NEW YORK (AP) _ The boom in mutual funds has been going on so long, it may be a good time for investors to go short.

Or so some contrary-minded people have been thinking lately as they watched fund assets soar to record levels while stock market indexes and bond prices climbed to new highs.

No bargains left to buy? Then, according to traditional Wall Street theory, perhaps it’s time to seek ways to profit from a change of direction in the markets, assuming that the bears will have their day some time in the not-too- remote future.

There are ways to stake your money on a market decline, notably through what is known as short-selling of stocks or even mutual fund shares.

But proceed with great care, say financial advisers - the whole business can be very chancy for a small or inexperienced investor.

The basic principle of shorting reverses the order of steps in a typical investment. You sell first, using shares borrowed from a broker for that purpose, and buy back later, at a lower price if things work out as planned.

″Of course, if the stock goes up after you have sold it short, you will lose money when you have to buy the stock at a higher price,″ points out George Putnam III in his Turnaround Letter investment advisory.

Short-selling is a time-honored practice in the stock and commodity markets. It has been much rarer with mutual funds, whose shares aren’t bought and sold in the open market the way those other securities are.

But a couple of specialized firms now offer that service to fund investors. Jack White & Co., a San Diego-based discount brokerage firm, began accepting short-sale orders for a couple of dozen funds in 1990.

On average, the firm has about $25 million worth of fund shares available for shorting on any given day, according to spokesman Barry Boyte. ″It’s been pretty active,″ Boyte says.

Fidelity Investments, the nation’s largest fund management firm, accepts short-sale orders for 10 of its Select single-industry funds, which are designed for more active traders than the typical diversified fund.

Paula Slotkin, a spokeswoman at Fidelity’s Boston headquarters, said the firm, which had offered the service for a couple of years in the late 1980s and then discontinued it, reinstated it in 1992 because ″Select investors were asking for it.″

Whatever type of security you sell short, Putnam says, ″one of the most important things to keep in mind is that your losses are potentially unlimited.

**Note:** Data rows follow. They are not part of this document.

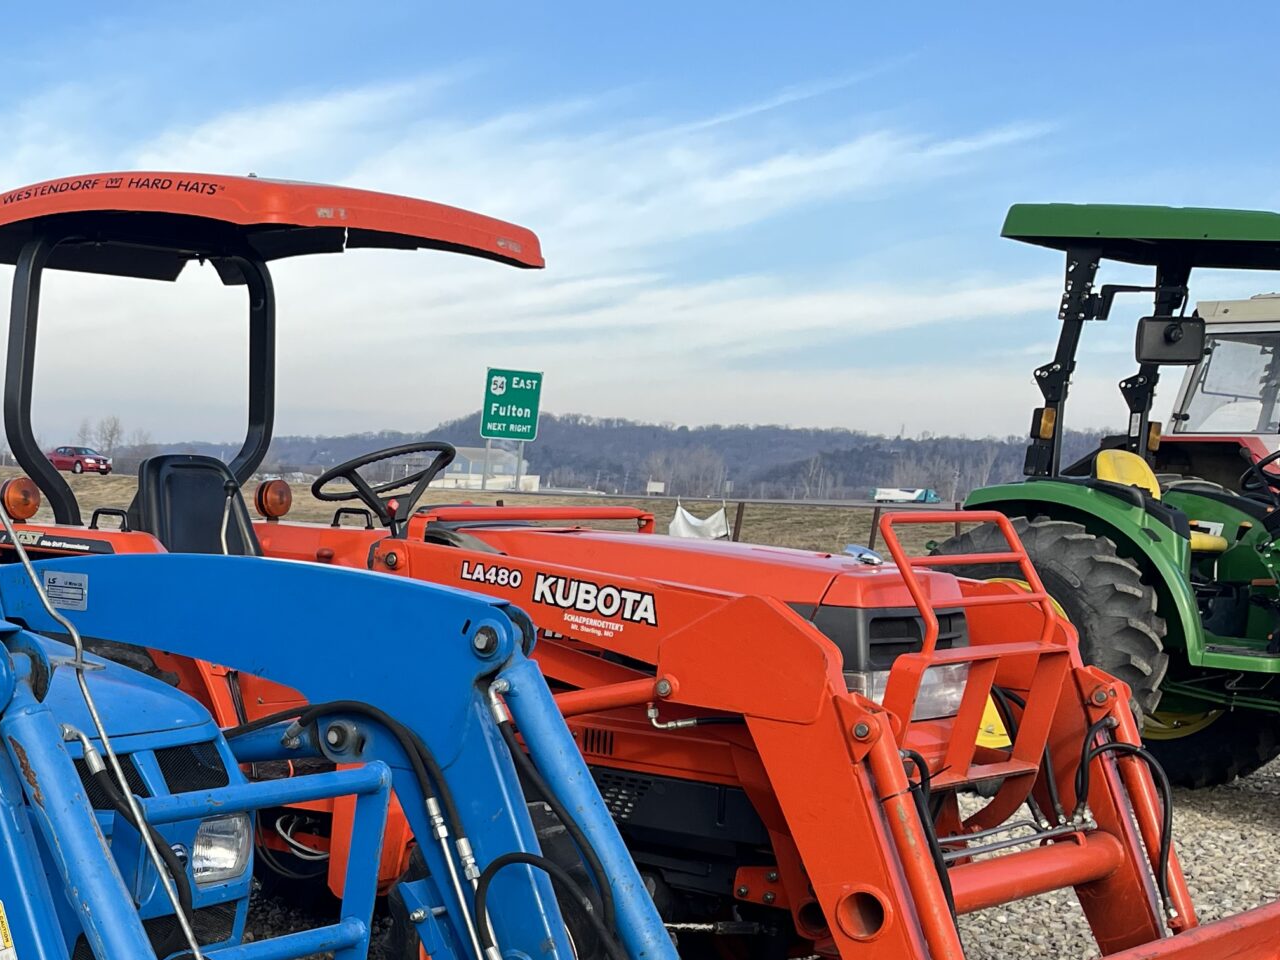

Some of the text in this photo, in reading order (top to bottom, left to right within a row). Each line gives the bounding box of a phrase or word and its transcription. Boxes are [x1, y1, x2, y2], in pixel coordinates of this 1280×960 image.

[3, 178, 100, 204] WESTENDORF
[127, 177, 173, 191] HARD
[492, 377, 538, 391] 54 EAST
[491, 403, 531, 418] Fulton
[487, 422, 532, 434] NEXT RIGHT
[461, 561, 523, 588] LA480
[532, 573, 658, 626] KUBOTA
[604, 630, 614, 638] MO
[0, 915, 10, 943] CAUTION
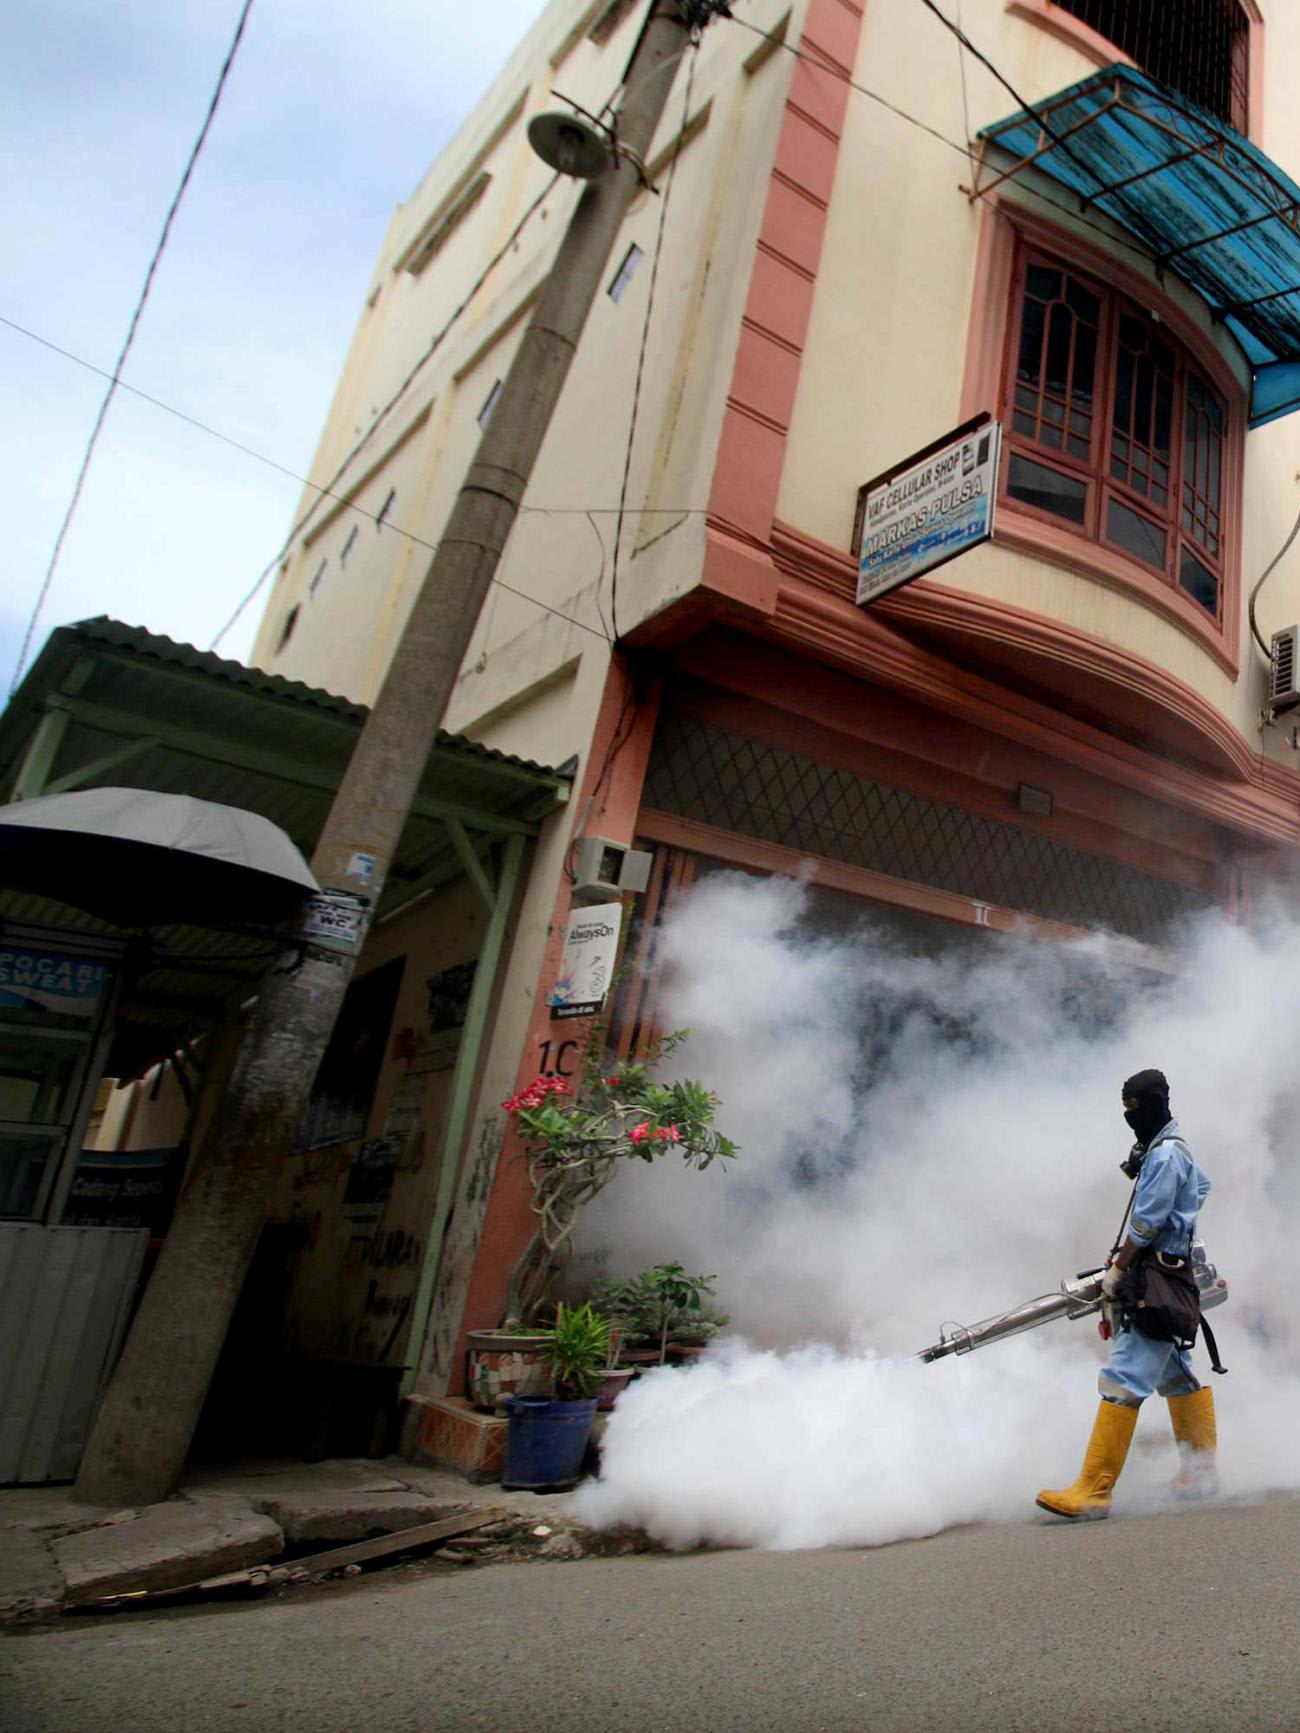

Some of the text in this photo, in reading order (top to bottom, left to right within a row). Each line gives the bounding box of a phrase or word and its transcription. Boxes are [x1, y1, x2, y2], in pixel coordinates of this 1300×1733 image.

[886, 468, 933, 509] CELLULAR
[934, 451, 960, 480] SHOP
[867, 475, 983, 557] MARKAS PULSA
[320, 916, 346, 928] WC
[569, 925, 614, 941] AlwaysOn
[0, 952, 104, 980] POCARI
[0, 966, 92, 992] SWEAT
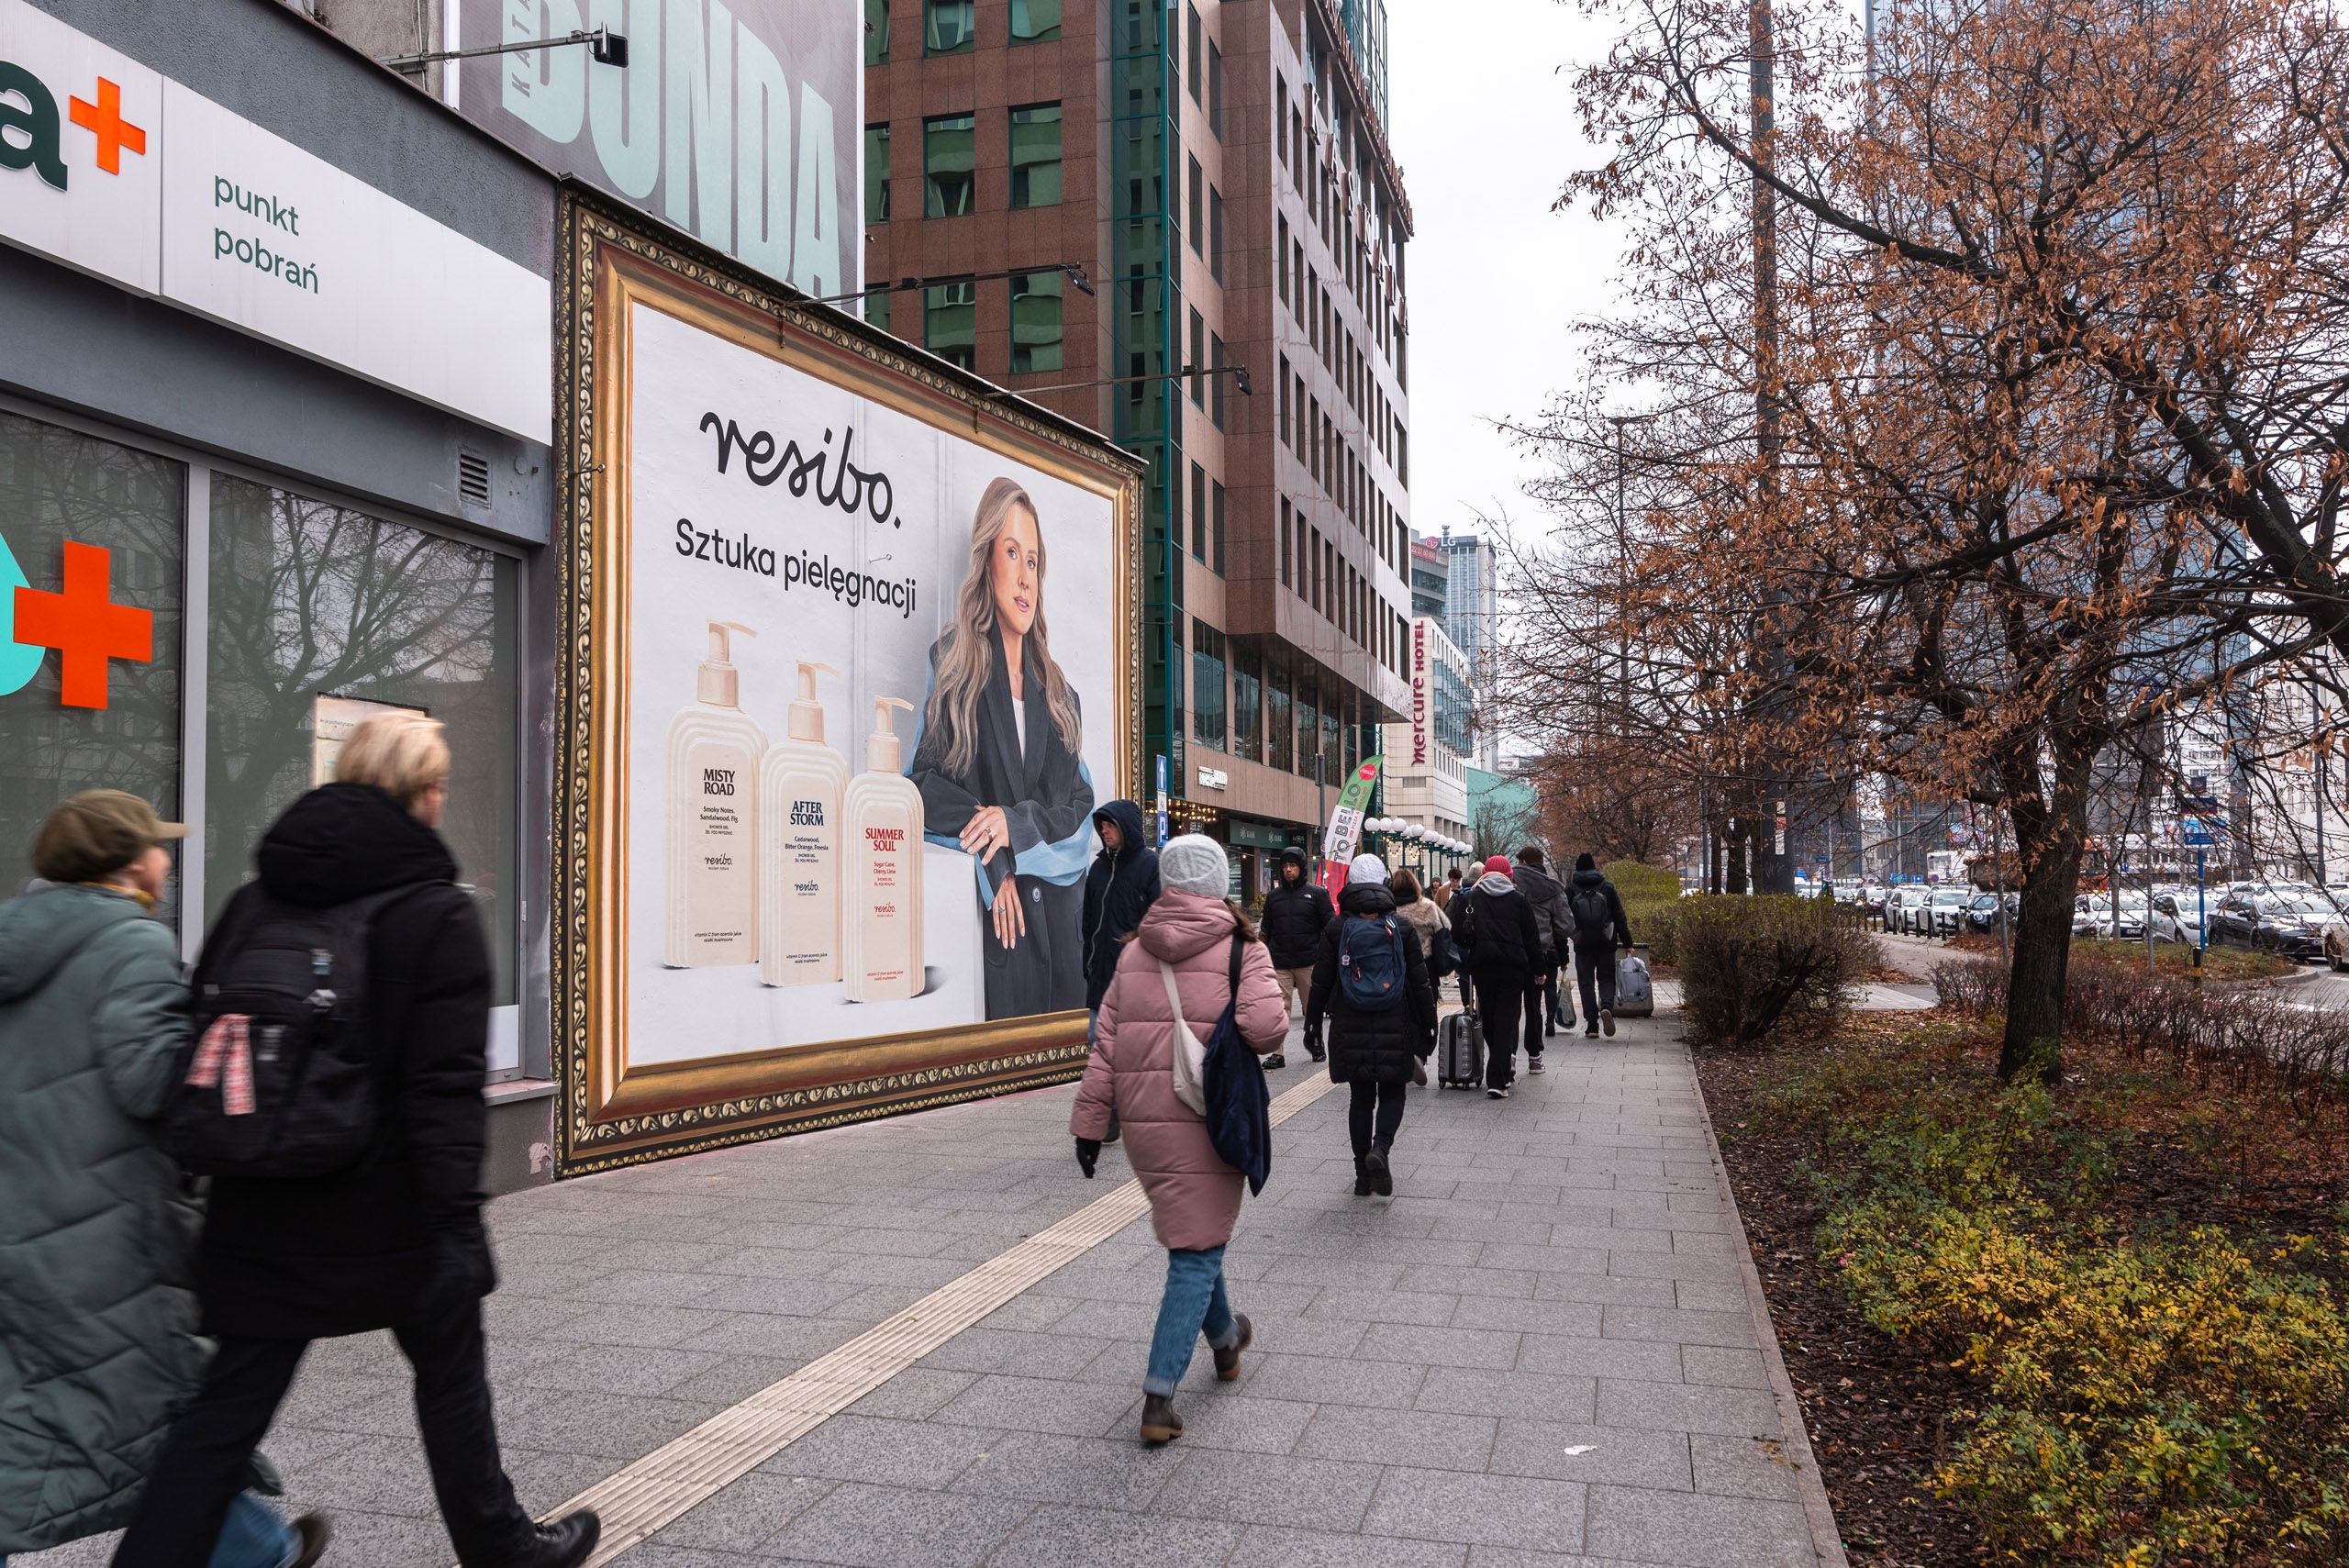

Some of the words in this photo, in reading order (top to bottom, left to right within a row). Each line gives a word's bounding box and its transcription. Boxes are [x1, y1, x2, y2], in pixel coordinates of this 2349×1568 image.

[214, 174, 300, 237] punkt
[214, 227, 318, 295] pobrań
[699, 411, 902, 530] resibo.
[1442, 537, 1456, 547] LG
[675, 517, 775, 577] Sztuka
[784, 549, 916, 619] pielęgnacji
[1414, 620, 1424, 672] HOTEL
[703, 768, 736, 783] MISTY
[704, 782, 735, 796] ROAD
[703, 806, 719, 814] Smoky
[792, 800, 823, 814] AFTER
[730, 816, 739, 824] Fig
[790, 813, 824, 827] STORM
[865, 828, 905, 841] SUMMER
[873, 840, 896, 852] SOUL

″When you buy a stock, thw worst that can happen is that it will go to zero and you lose the amount you paid for it. However, when you are short a stock, there is at least theoretically no limit on how high it can go - and how much money you will have to spend to close out the short position.″

Other ways to try to profit from market declines exist in the options and futures markets. One standard alternative to shorting is buying put options, which give their owners the right to sell a given stock at a stated price within a set period of time.

But these vehicles also have their special risks and costs, and require considerable expertise.

Above all, investment analysts say, success in shorting or similar strategies demands an ability to time the markets that many investors may not possess. That applies in particular to any investment linked to stocks, where the long-term trend has emphatically favored those who bet with the market, not against it.